Quote Originally Posted by jon1959 View Post
If I understand you correctly, I don't understand you.

Everyone dies - most of us are agreed on that. Everyone dies just once - also generally agreed (not sure about Truthpaste!)

When a pandemic hits the excess death figures must be balanced at a later date by lower than normal death figures (allowing for the graph to adjust for changes to life expectancy etc). The impact of the pandemic when it comes to deaths is premature deaths.

I have no problem with the Covid death figures - where the measure is people who have died solely due to Covid (even then the actual cause of death will not be the virus) and those for whom underlying health factors were triggered by the virus bringing on severe illness and death that wouldn't have happened at that time.

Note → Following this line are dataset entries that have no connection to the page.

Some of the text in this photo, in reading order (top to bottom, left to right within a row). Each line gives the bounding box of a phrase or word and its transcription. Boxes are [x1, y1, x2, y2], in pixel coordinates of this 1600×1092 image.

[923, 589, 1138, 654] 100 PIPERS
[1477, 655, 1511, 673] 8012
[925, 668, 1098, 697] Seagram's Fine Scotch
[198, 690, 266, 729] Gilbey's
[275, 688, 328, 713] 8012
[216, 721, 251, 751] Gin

Where excess deaths gets a bit difficult is where the 'collatoral damage' in a stressed health service leads to more deaths of people where the cause had nothing to do with Covid. Even then it is not a simple case of saying that Covid prevention measures and/or swamped hospitals caused those non-Covid deaths - in those cases where the Covid prevention measures didn't actually protect those vulnerable people.

As other posters have said the government could take other action to mitigate the impact - more/less restrictions, clearer advice and information, added screening capacity, having a pandemic emergency plan that was up to date and properly resourced, different budget choices.

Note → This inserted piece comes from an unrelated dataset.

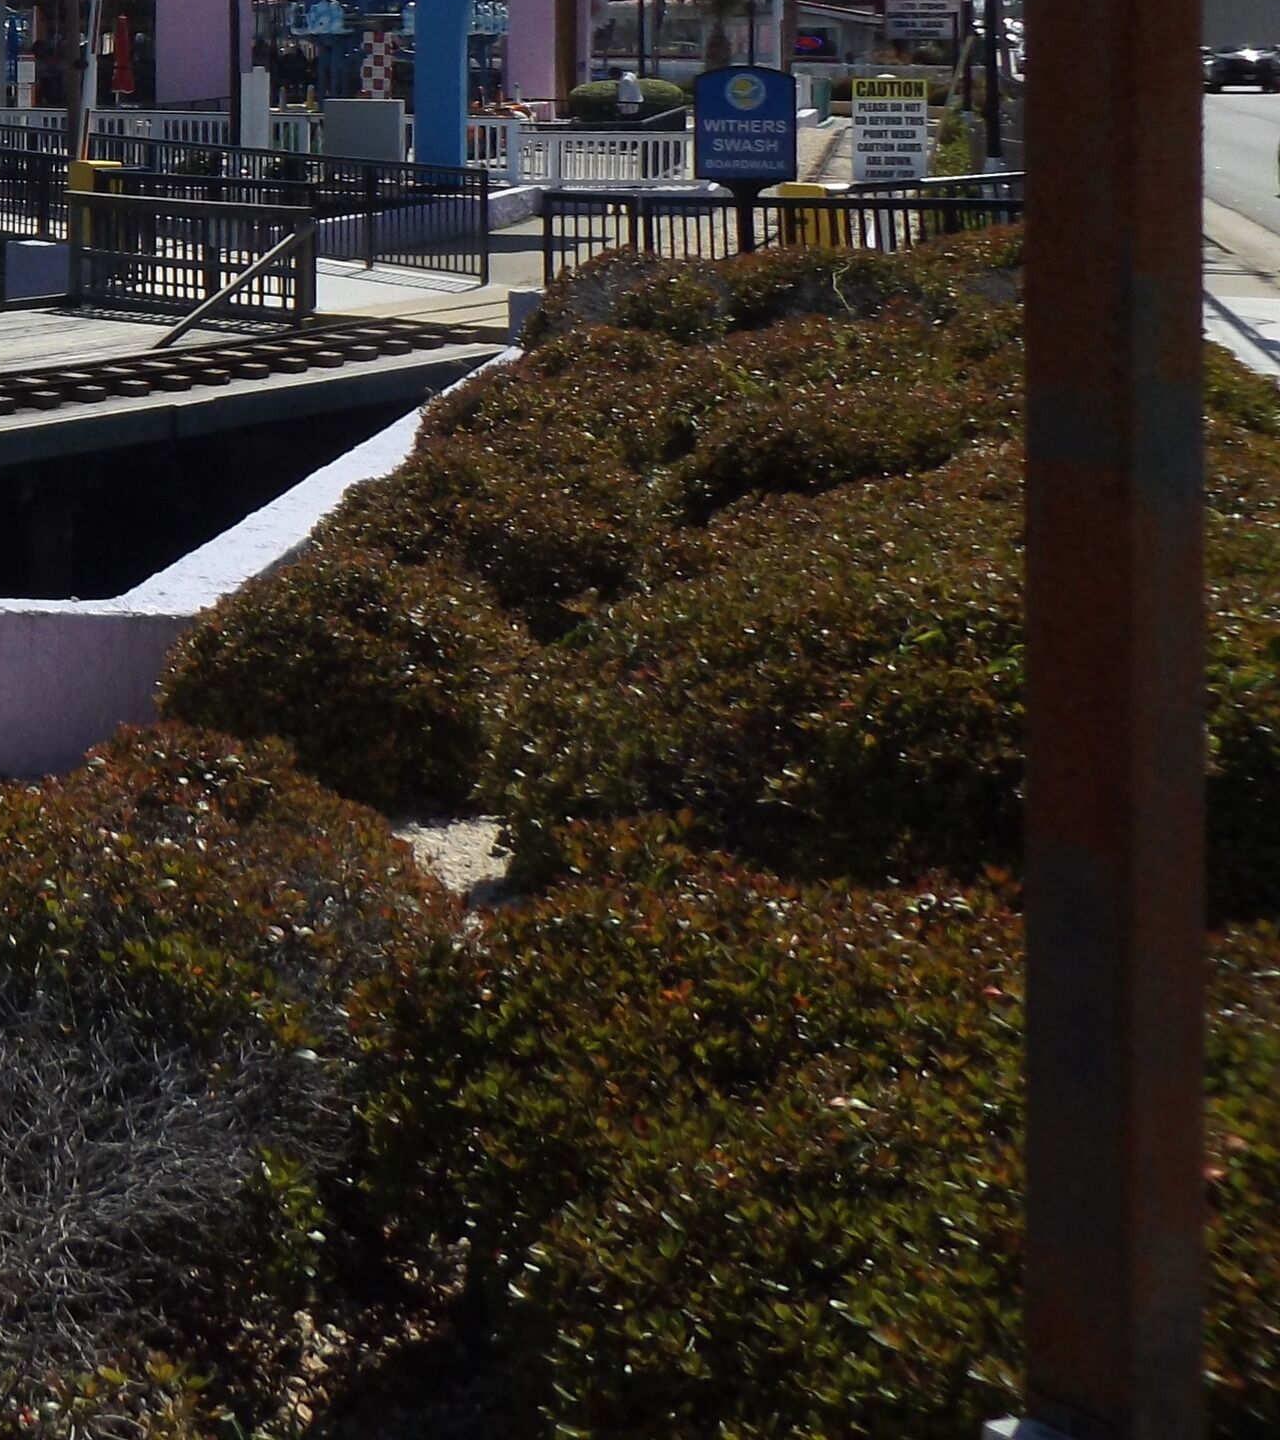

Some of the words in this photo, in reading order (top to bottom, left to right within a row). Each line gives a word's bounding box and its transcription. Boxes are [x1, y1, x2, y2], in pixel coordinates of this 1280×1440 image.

I don't think there is any readily available data set for the UK that can separate those strands out. In the absence of that we get more circular arguments that go nowhere.
This seems about right. The time dimension is critical here. Excess deaths are time specific. And excess deaths this period means a reduced number of expected deaths next period.

There are three scenarios to compare excess deaths for the pandemic:

1. Actuality - pandemic, mitigation
2. Counter factual 1 - no pandemic
3. Counter factual 2 - pandemic, no mitigation

My guess is we'll eventually find excess deaths in the three scenarios will run 3 > 1 > 2.